(Task objective)
A faithful repeat of all the records, with no image kept, is the required answer.

Data items
[Start of section]

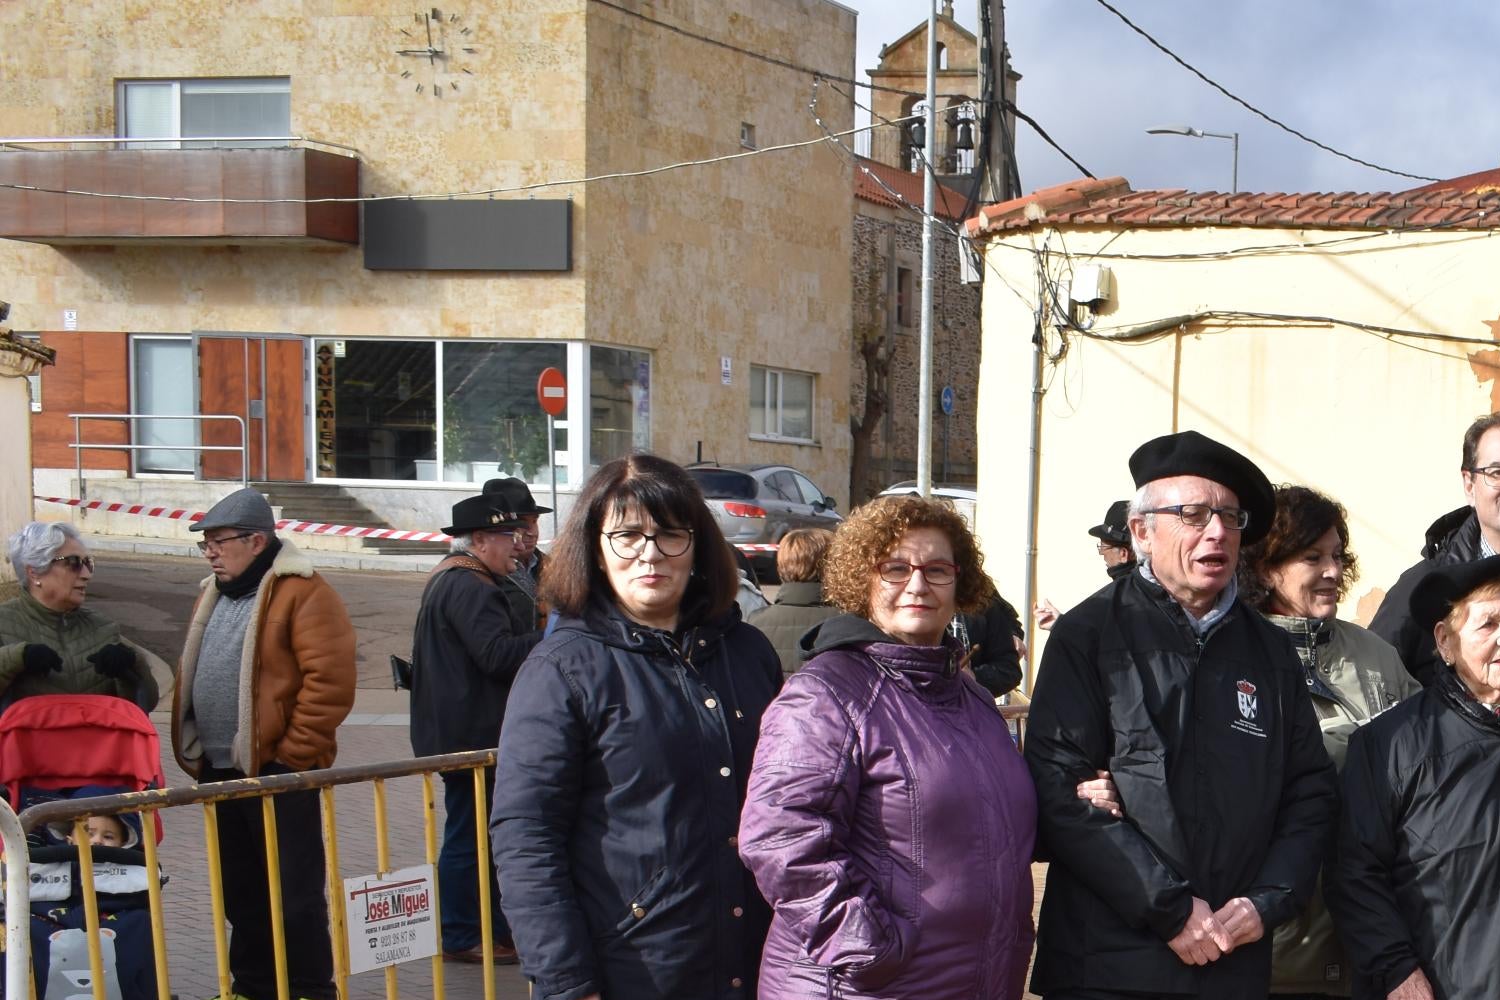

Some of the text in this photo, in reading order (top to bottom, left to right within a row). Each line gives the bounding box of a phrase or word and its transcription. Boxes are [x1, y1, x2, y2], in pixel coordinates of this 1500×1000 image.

[317, 345, 334, 473] AYUNTAMIENTO
[398, 884, 422, 893] REPUESTOS
[365, 882, 429, 920] José Miguel
[365, 926, 377, 934] VENTA
[382, 922, 400, 931] ALQUILER
[376, 946, 411, 964] SALAMANCA

[End of section]

(Response to the task)
Some of the text in this photo, in reading order (top to bottom, left to right within a row). Each line gives the bounding box of a phrase or word and its transcription. Boxes are [x1, y1, x2, y2], in pixel coordinates of this 1500×1000 image.

[317, 345, 334, 473] AYUNTAMIENTO
[398, 884, 422, 893] REPUESTOS
[365, 882, 429, 920] José Miguel
[365, 926, 377, 934] VENTA
[382, 922, 400, 931] ALQUILER
[376, 946, 411, 964] SALAMANCA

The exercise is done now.